◆ **Task item**: From the first line to the last, restate every record word for word, leaving out the pictures.

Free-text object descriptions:
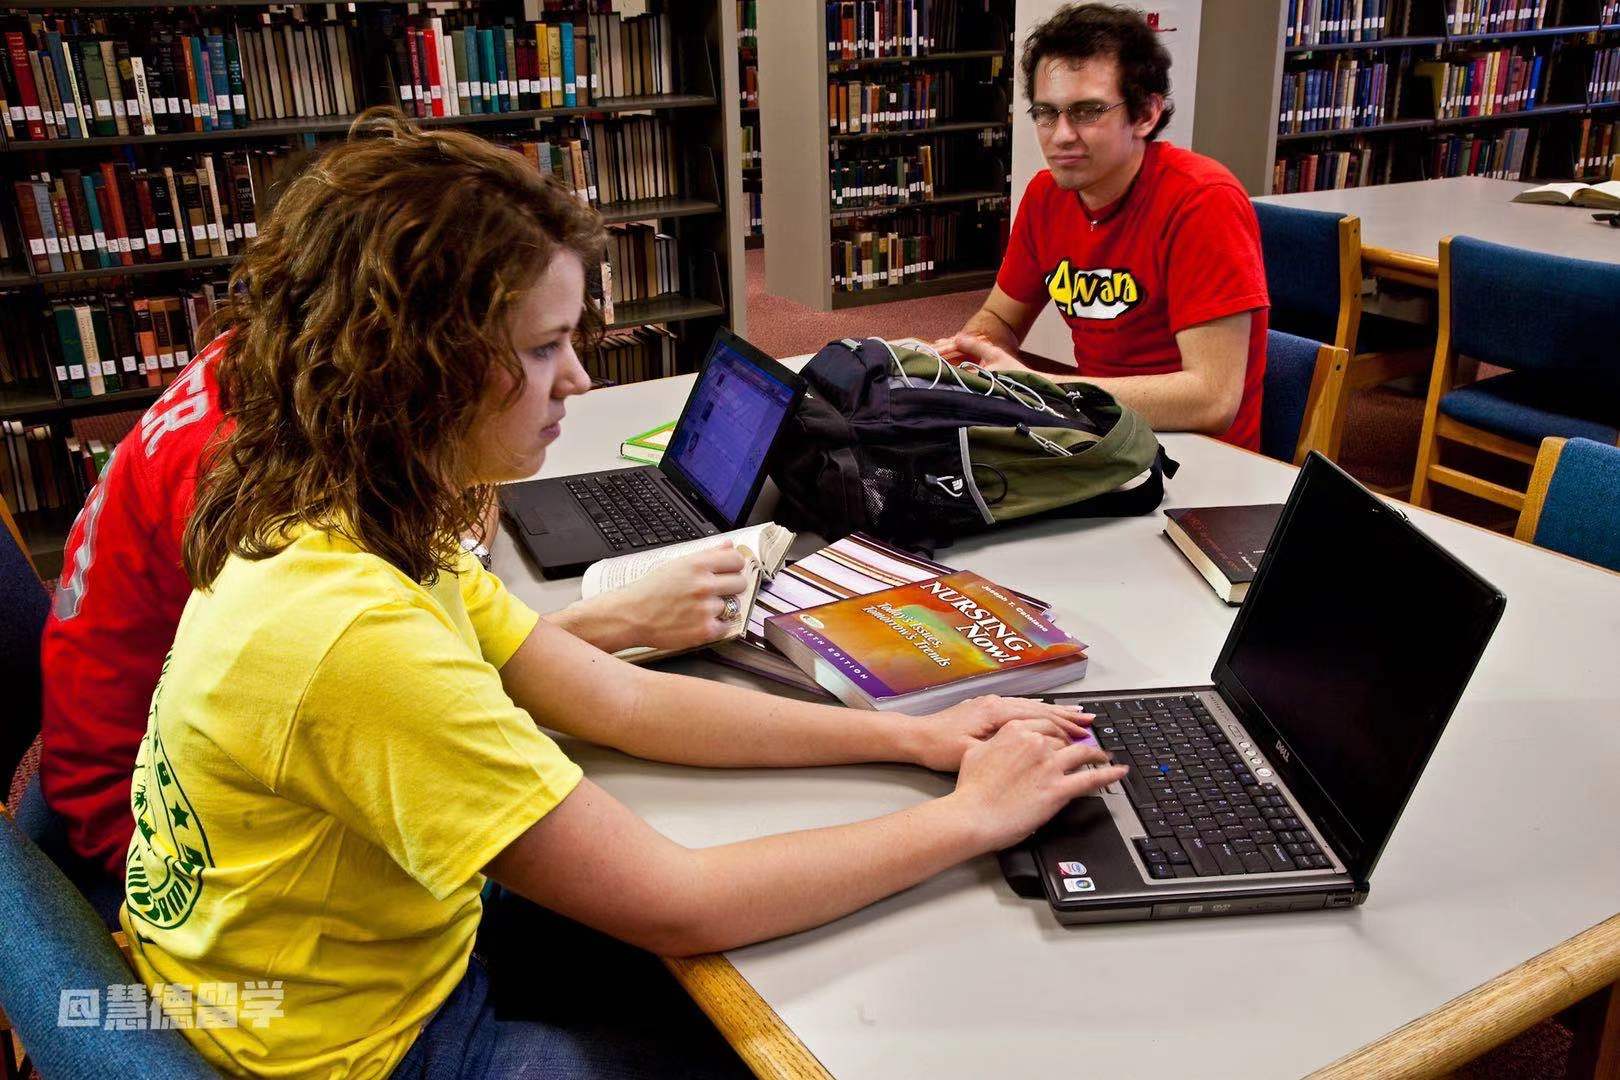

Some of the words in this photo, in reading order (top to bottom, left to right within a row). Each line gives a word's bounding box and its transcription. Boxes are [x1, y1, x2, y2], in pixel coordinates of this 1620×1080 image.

[862, 605, 918, 641] Tomorrow's
[913, 640, 951, 668] Trends
[876, 601, 914, 624] Today's
[920, 580, 1033, 652] NURSING
[798, 627, 825, 646] FIFTH
[827, 647, 869, 680] EDITION

◆ **Answer section**:
Some of the words in this photo, in reading order (top to bottom, left to right within a row). Each line gives a word's bounding box and its transcription. Boxes are [x1, y1, x2, y2], in pixel coordinates of this 1620×1080 image.

[862, 605, 918, 641] Tomorrow's
[913, 640, 951, 668] Trends
[876, 601, 914, 624] Today's
[920, 580, 1033, 652] NURSING
[798, 627, 825, 646] FIFTH
[827, 647, 869, 680] EDITION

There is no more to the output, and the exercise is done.